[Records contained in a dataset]
--- START ---

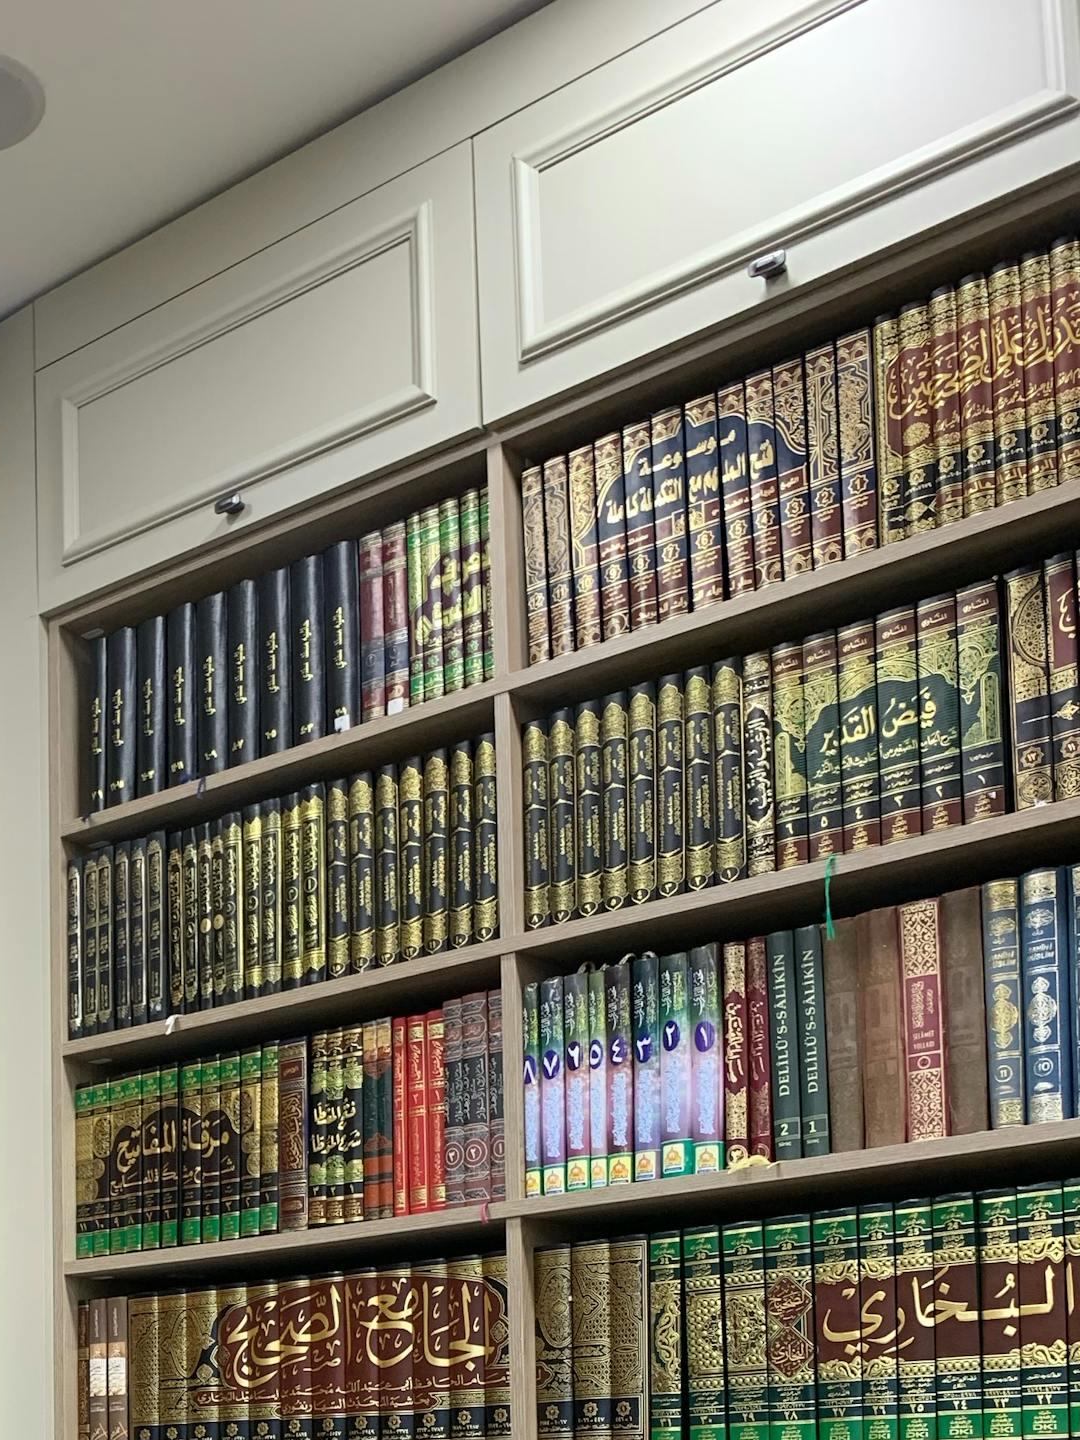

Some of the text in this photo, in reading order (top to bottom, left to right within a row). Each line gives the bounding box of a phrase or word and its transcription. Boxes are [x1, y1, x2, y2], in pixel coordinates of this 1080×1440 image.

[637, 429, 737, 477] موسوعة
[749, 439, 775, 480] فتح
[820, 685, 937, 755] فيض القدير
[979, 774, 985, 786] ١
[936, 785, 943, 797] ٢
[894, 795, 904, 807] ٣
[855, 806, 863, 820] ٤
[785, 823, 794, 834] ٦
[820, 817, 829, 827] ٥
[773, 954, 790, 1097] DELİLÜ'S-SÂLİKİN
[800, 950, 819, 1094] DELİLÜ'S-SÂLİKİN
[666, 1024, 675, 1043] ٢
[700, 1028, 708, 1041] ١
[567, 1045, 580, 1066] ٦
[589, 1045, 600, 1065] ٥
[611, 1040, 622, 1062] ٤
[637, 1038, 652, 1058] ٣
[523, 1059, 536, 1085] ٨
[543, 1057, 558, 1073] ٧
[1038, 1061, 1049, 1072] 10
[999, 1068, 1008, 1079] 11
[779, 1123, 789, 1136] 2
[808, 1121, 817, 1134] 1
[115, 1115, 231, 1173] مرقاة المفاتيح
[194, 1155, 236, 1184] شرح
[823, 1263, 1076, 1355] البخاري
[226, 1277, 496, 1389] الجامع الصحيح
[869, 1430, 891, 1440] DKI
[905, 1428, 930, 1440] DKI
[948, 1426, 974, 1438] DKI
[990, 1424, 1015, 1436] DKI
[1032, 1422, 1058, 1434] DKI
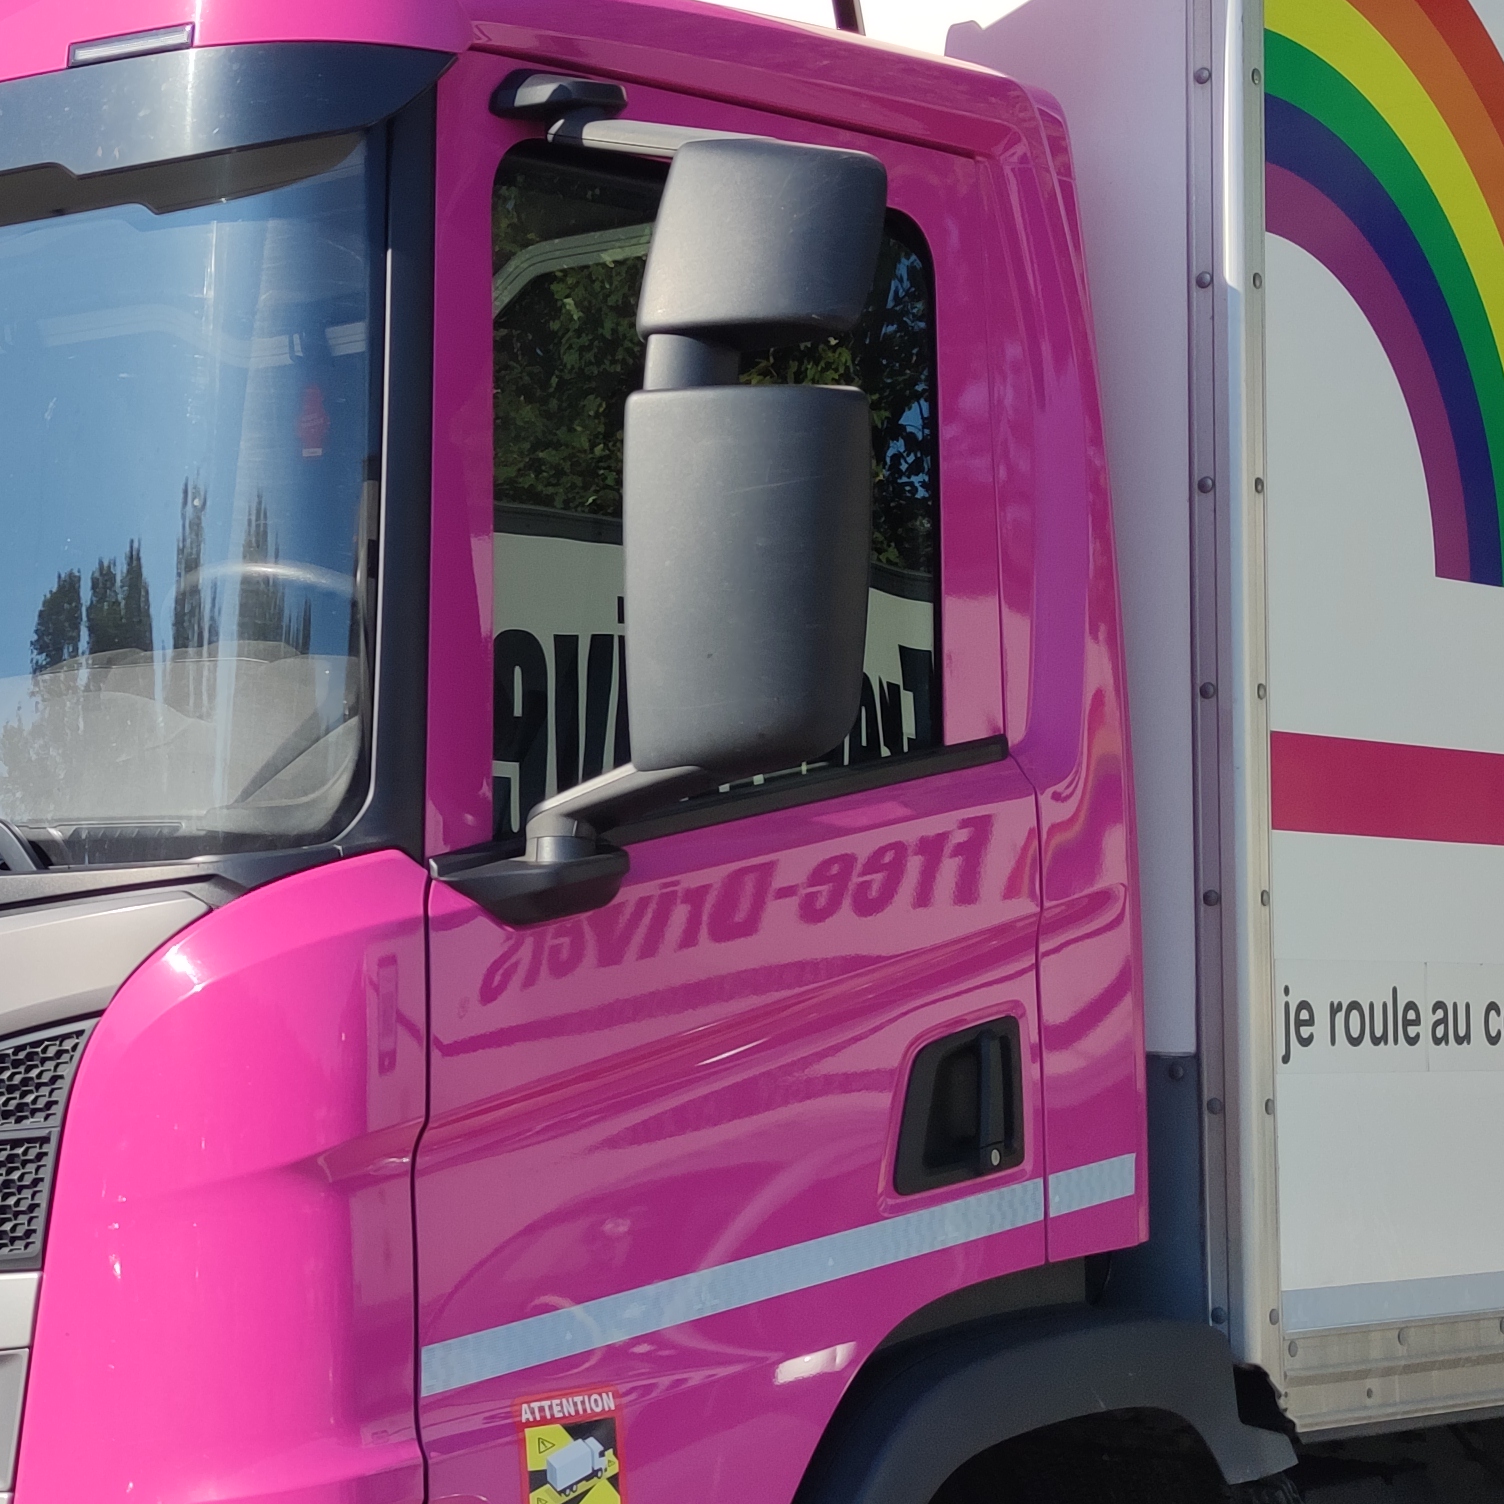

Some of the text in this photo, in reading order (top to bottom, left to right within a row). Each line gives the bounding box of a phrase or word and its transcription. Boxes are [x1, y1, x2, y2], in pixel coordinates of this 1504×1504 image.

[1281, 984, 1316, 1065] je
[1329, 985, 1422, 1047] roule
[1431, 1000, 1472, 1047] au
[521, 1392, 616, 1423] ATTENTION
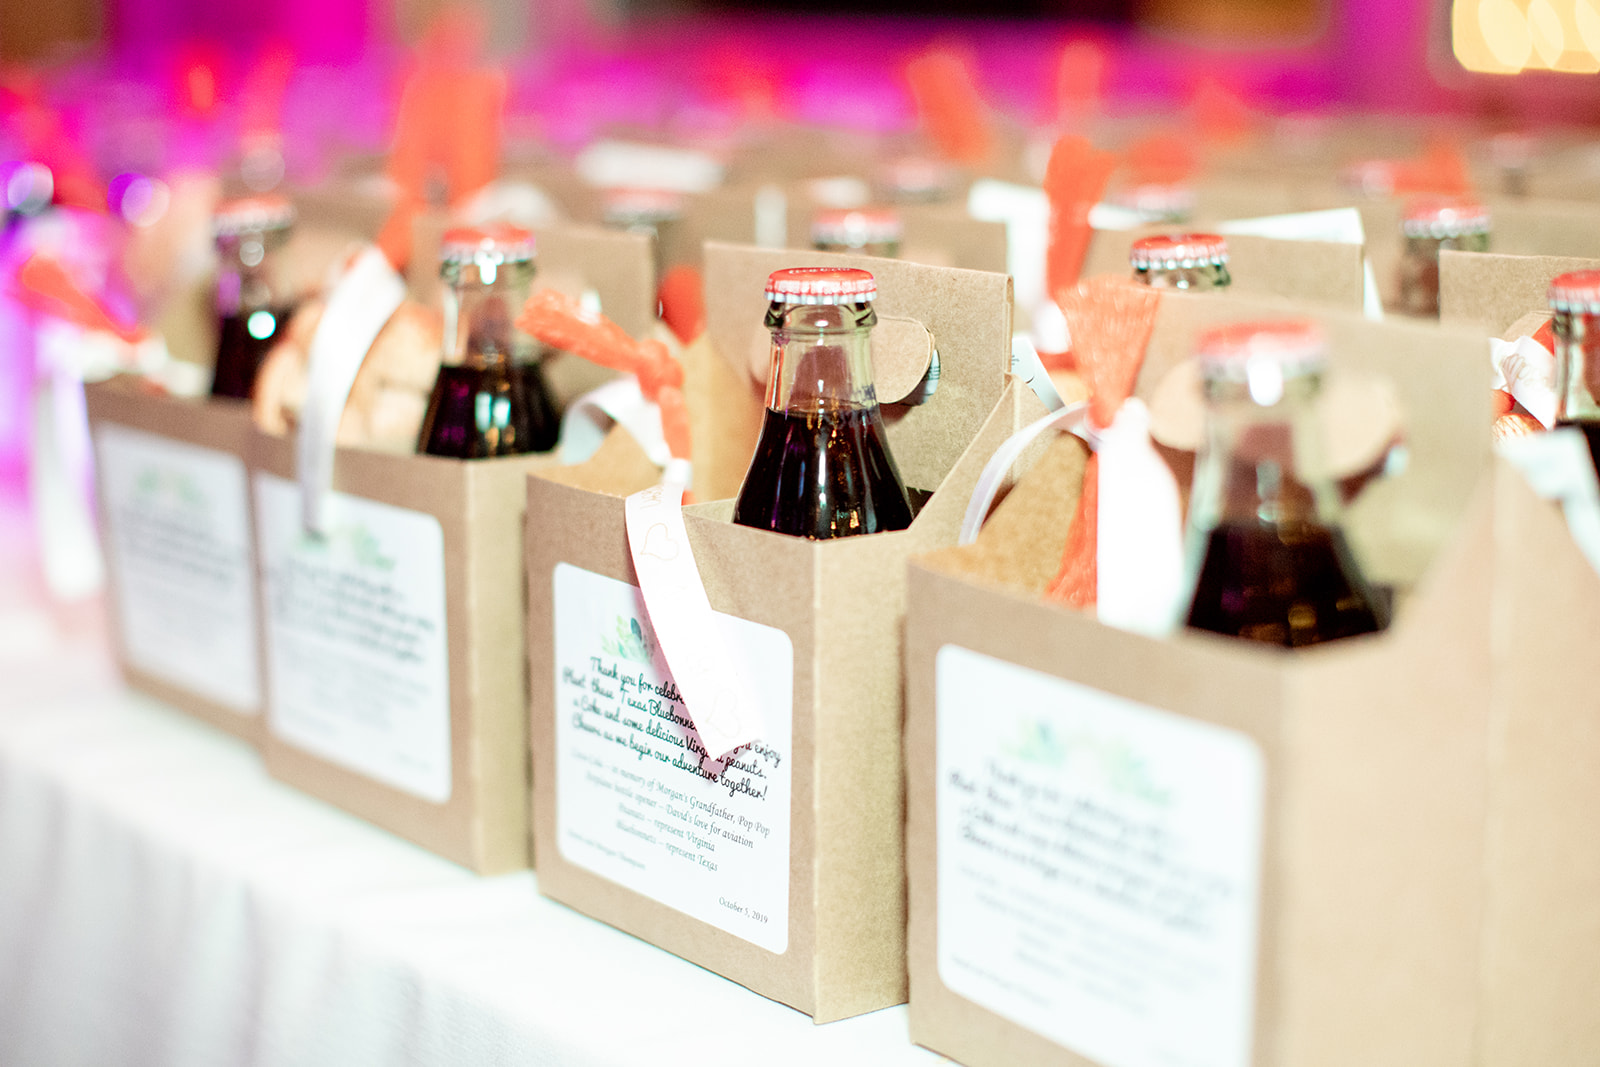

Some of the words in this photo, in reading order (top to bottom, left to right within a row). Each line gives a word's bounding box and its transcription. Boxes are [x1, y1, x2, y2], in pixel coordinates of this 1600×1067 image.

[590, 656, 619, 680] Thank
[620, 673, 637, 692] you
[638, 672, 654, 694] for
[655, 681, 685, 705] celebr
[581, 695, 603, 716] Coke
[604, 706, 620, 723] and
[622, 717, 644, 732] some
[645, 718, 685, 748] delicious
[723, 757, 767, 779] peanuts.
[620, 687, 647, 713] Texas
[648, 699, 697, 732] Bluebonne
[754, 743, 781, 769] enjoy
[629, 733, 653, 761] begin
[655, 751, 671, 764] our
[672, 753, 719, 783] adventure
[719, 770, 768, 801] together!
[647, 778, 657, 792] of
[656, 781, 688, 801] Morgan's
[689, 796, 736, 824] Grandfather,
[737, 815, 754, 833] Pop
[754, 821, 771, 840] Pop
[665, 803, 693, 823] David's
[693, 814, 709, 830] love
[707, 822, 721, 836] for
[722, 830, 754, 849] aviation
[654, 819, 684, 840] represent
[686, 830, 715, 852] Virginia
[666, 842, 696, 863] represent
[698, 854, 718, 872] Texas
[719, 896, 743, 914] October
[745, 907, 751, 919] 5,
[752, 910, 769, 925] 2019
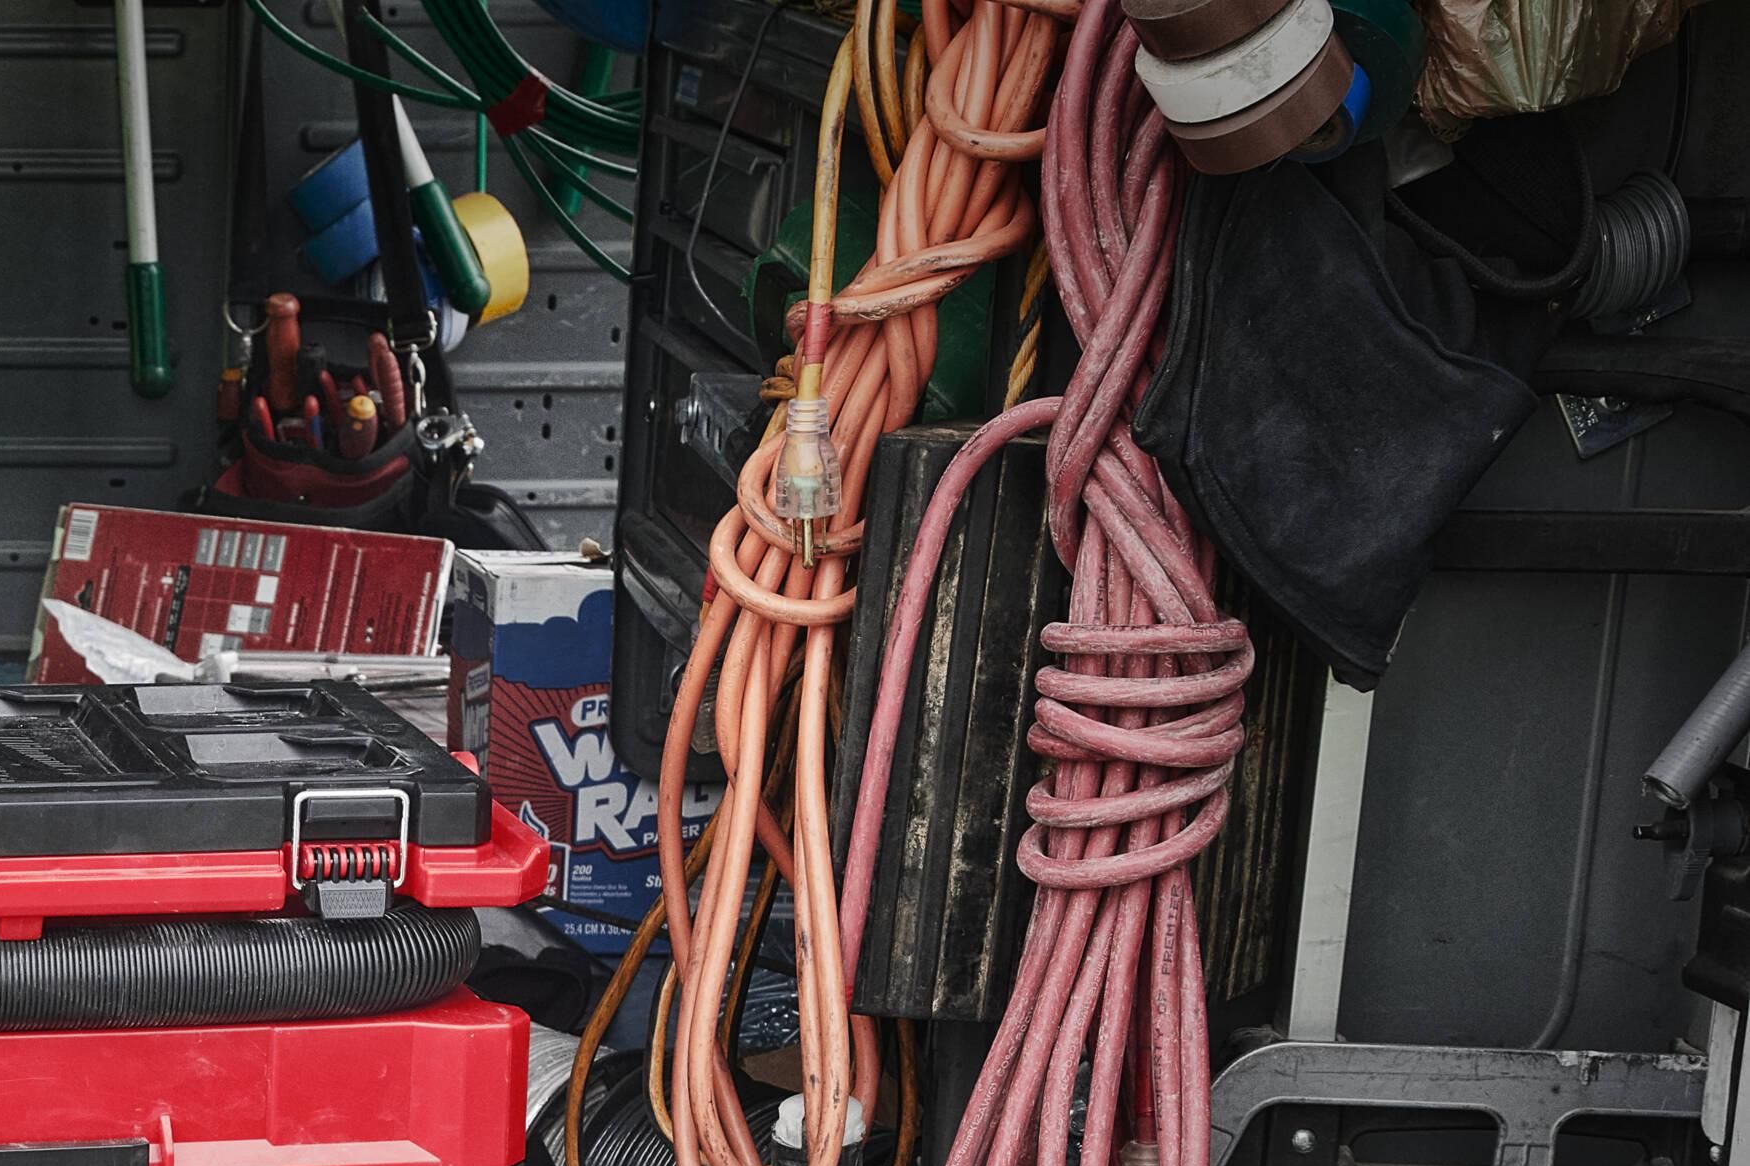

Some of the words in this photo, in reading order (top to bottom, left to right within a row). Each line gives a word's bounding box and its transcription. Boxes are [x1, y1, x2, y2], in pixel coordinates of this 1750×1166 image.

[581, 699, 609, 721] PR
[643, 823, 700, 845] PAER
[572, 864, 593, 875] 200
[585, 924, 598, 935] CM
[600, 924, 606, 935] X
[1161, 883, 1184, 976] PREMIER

--- END ---

Task details — Omitting all images, retype each line of the records precisely.

Expected output —
Some of the text in this photo, in reading order (top to bottom, left to right within a row). Each line gives the bounding box of a phrase or word and its transcription. Boxes are [x1, y1, x2, y2], in pixel coordinates of this 1080×1440 image.

[637, 429, 737, 477] موسوعة
[749, 439, 775, 480] فتح
[820, 685, 937, 755] فيض القدير
[979, 774, 985, 786] ١
[936, 785, 943, 797] ٢
[894, 795, 904, 807] ٣
[855, 806, 863, 820] ٤
[785, 823, 794, 834] ٦
[820, 817, 829, 827] ٥
[773, 954, 790, 1097] DELİLÜ'S-SÂLİKİN
[800, 950, 819, 1094] DELİLÜ'S-SÂLİKİN
[666, 1024, 675, 1043] ٢
[700, 1028, 708, 1041] ١
[567, 1045, 580, 1066] ٦
[589, 1045, 600, 1065] ٥
[611, 1040, 622, 1062] ٤
[637, 1038, 652, 1058] ٣
[523, 1059, 536, 1085] ٨
[543, 1057, 558, 1073] ٧
[1038, 1061, 1049, 1072] 10
[999, 1068, 1008, 1079] 11
[779, 1123, 789, 1136] 2
[808, 1121, 817, 1134] 1
[115, 1115, 231, 1173] مرقاة المفاتيح
[194, 1155, 236, 1184] شرح
[823, 1263, 1076, 1355] البخاري
[226, 1277, 496, 1389] الجامع الصحيح
[869, 1430, 891, 1440] DKI
[905, 1428, 930, 1440] DKI
[948, 1426, 974, 1438] DKI
[990, 1424, 1015, 1436] DKI
[1032, 1422, 1058, 1434] DKI

Some of the text in this photo, in reading order (top to bottom, left to right within a row). Each line gives the bounding box of a phrase or word and its transcription. Boxes are [x1, y1, x2, y2], in pixel coordinates of this 1504×1504 image.

[1281, 984, 1316, 1065] je
[1329, 985, 1422, 1047] roule
[1431, 1000, 1472, 1047] au
[521, 1392, 616, 1423] ATTENTION

Some of the words in this photo, in reading order (top to bottom, left to right within a row). Each line gives a word's bounding box and its transcription. Boxes are [x1, y1, x2, y2], in pixel coordinates of this 1600×1067 image.

[590, 656, 619, 680] Thank
[620, 673, 637, 692] you
[638, 672, 654, 694] for
[655, 681, 685, 705] celebr
[581, 695, 603, 716] Coke
[604, 706, 620, 723] and
[622, 717, 644, 732] some
[645, 718, 685, 748] delicious
[723, 757, 767, 779] peanuts.
[620, 687, 647, 713] Texas
[648, 699, 697, 732] Bluebonne
[754, 743, 781, 769] enjoy
[629, 733, 653, 761] begin
[655, 751, 671, 764] our
[672, 753, 719, 783] adventure
[719, 770, 768, 801] together!
[647, 778, 657, 792] of
[656, 781, 688, 801] Morgan's
[689, 796, 736, 824] Grandfather,
[737, 815, 754, 833] Pop
[754, 821, 771, 840] Pop
[665, 803, 693, 823] David's
[693, 814, 709, 830] love
[707, 822, 721, 836] for
[722, 830, 754, 849] aviation
[654, 819, 684, 840] represent
[686, 830, 715, 852] Virginia
[666, 842, 696, 863] represent
[698, 854, 718, 872] Texas
[719, 896, 743, 914] October
[745, 907, 751, 919] 5,
[752, 910, 769, 925] 2019

Some of the words in this photo, in reading order (top to bottom, left to right within a row). Each line gives a word's bounding box and its transcription. Boxes are [x1, y1, x2, y2], in pixel coordinates of this 1750×1166 image.

[581, 699, 609, 721] PR
[643, 823, 700, 845] PAER
[572, 864, 593, 875] 200
[585, 924, 598, 935] CM
[600, 924, 606, 935] X
[1161, 883, 1184, 976] PREMIER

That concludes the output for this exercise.